Robert Grosvenor, whose enticing, enigmatic art tested gravity in monumental sculptures, turned familiar objects, like boats and vintage cars, into mysterious contraptions, and pictured oddball items, like green frosted doughnuts floating in the sea, in photographs, died on Sept. 3 at his home in East Patchogue, N.Y., on Long Island. He was 88.
The cause was kidney cancer, said his son, Jeremy Grosvenor.
In the early 1960s, Mr. Grosvenor was part of a group of maverick artists working and showing in a Manhattan gallery co-op they had created. Park Place, as they called it, named for its address, 79 Park Place, was housed in a derelict building in the financial district, then a ghost town — and prime real estate for artists to colonize. The gallery’s members, including Mark di Suvero, Dean Fleming, Tamara Melcher, Forrest Myers and David Novros, were making work well outside the mainstream — and far from the power brokers on the Upper East Side.
The gallery’s director was Paula Cooper, who would one day be an art world power broker in her own right but who at the time was, like the artists, still in her 20s and not calling the shots. “I worked for them,” she said in an interview.
Mr.
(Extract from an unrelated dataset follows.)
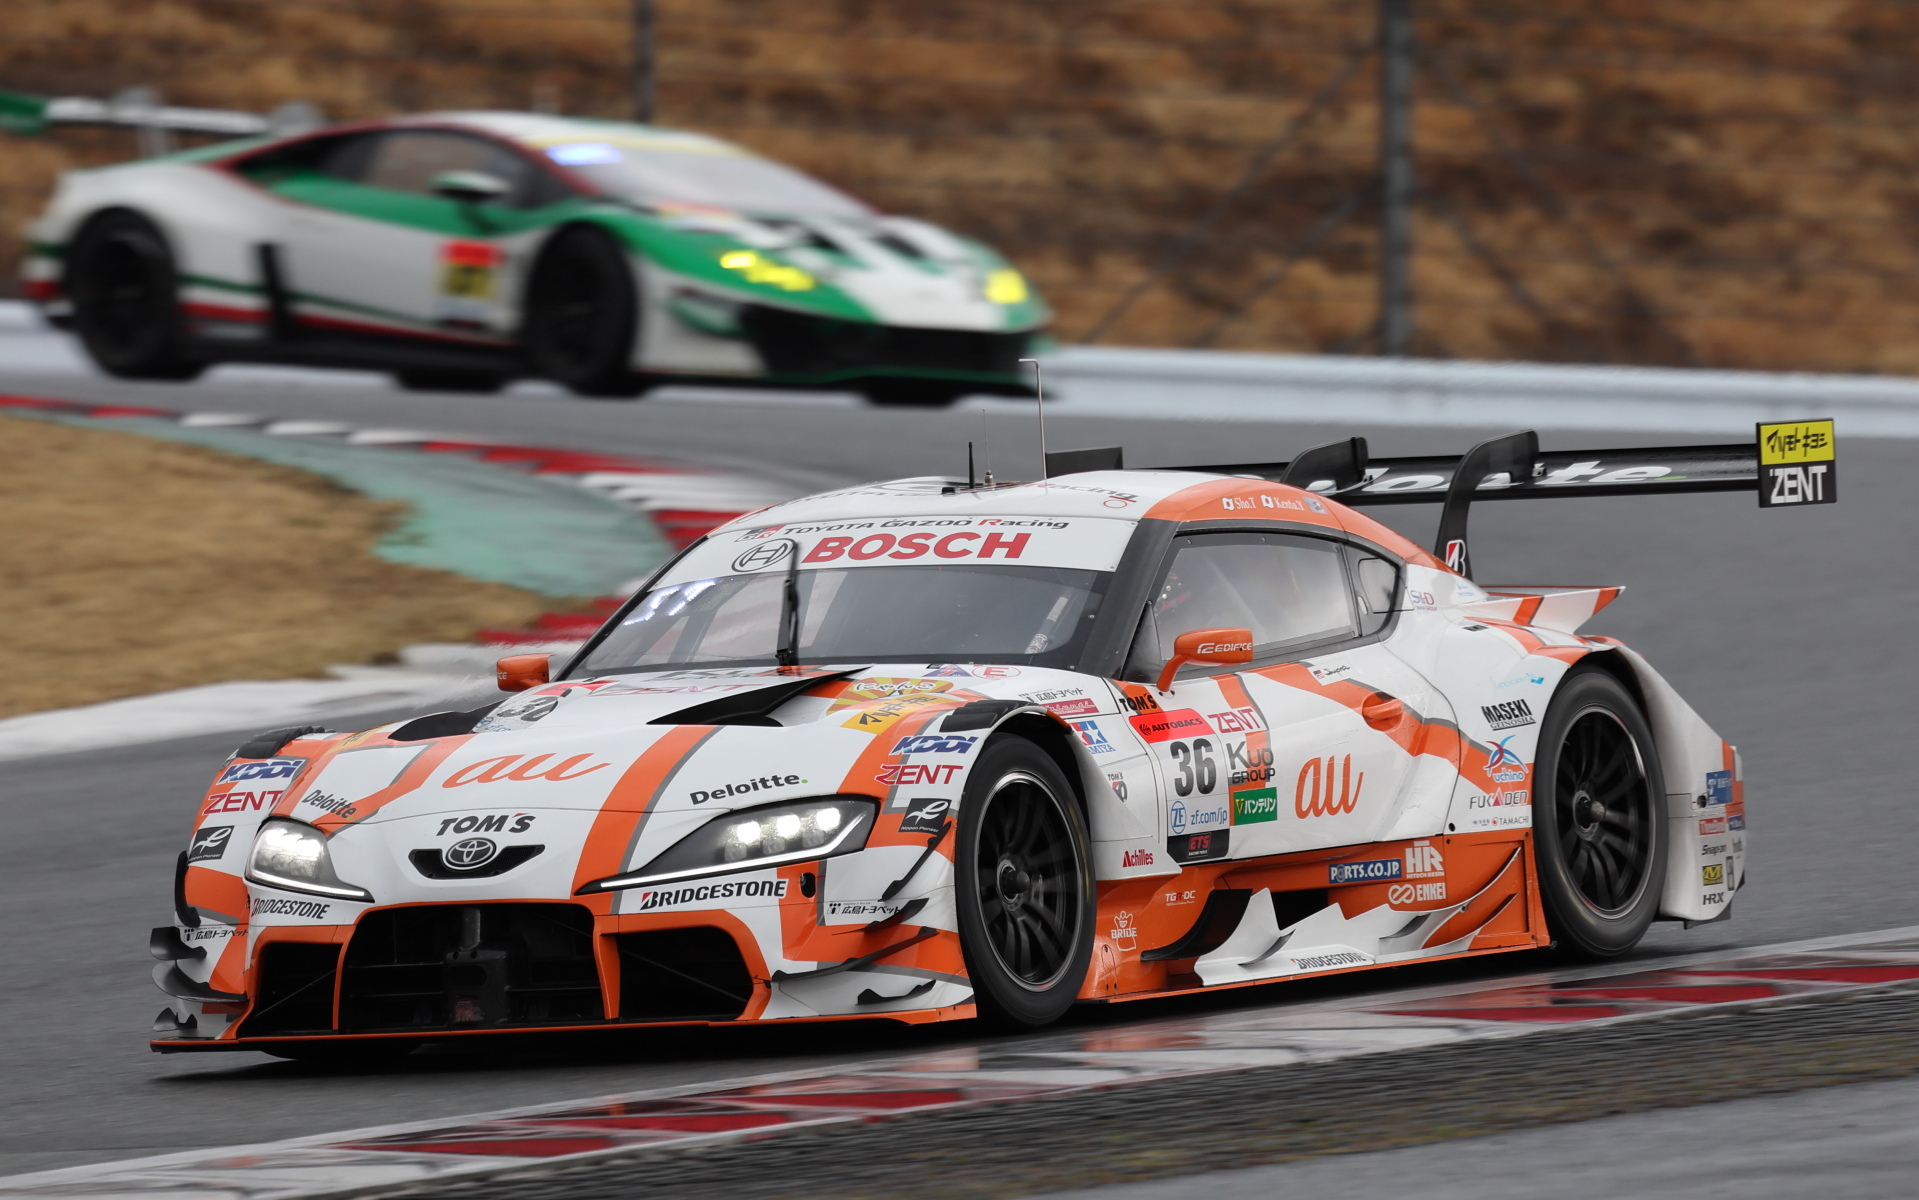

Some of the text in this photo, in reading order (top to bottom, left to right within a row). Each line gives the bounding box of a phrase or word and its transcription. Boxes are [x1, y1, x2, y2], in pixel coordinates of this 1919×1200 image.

Grosvenor’s first major piece, which he showed at Park Place in 1965, was a giant structure of plywood and Masonite, painted silver and bright yellow. It was shaped like the first two strokes of the letter N, with the upstroke planted on the floor and the down stroke’s point hovering, ever so slightly, above the floor. It was inspired, Mr. Grosvenor said, by a 30-foot-high solar telescope in Arizona that he’d seen in a photograph.
He named the piece “Topanga,” because he liked the way it sounded. Like much of his work, it was a feat of engineering; the curator Alanna Heiss said in an interview that you could never think of space in the same way after seeing a Grosvenor sculpture.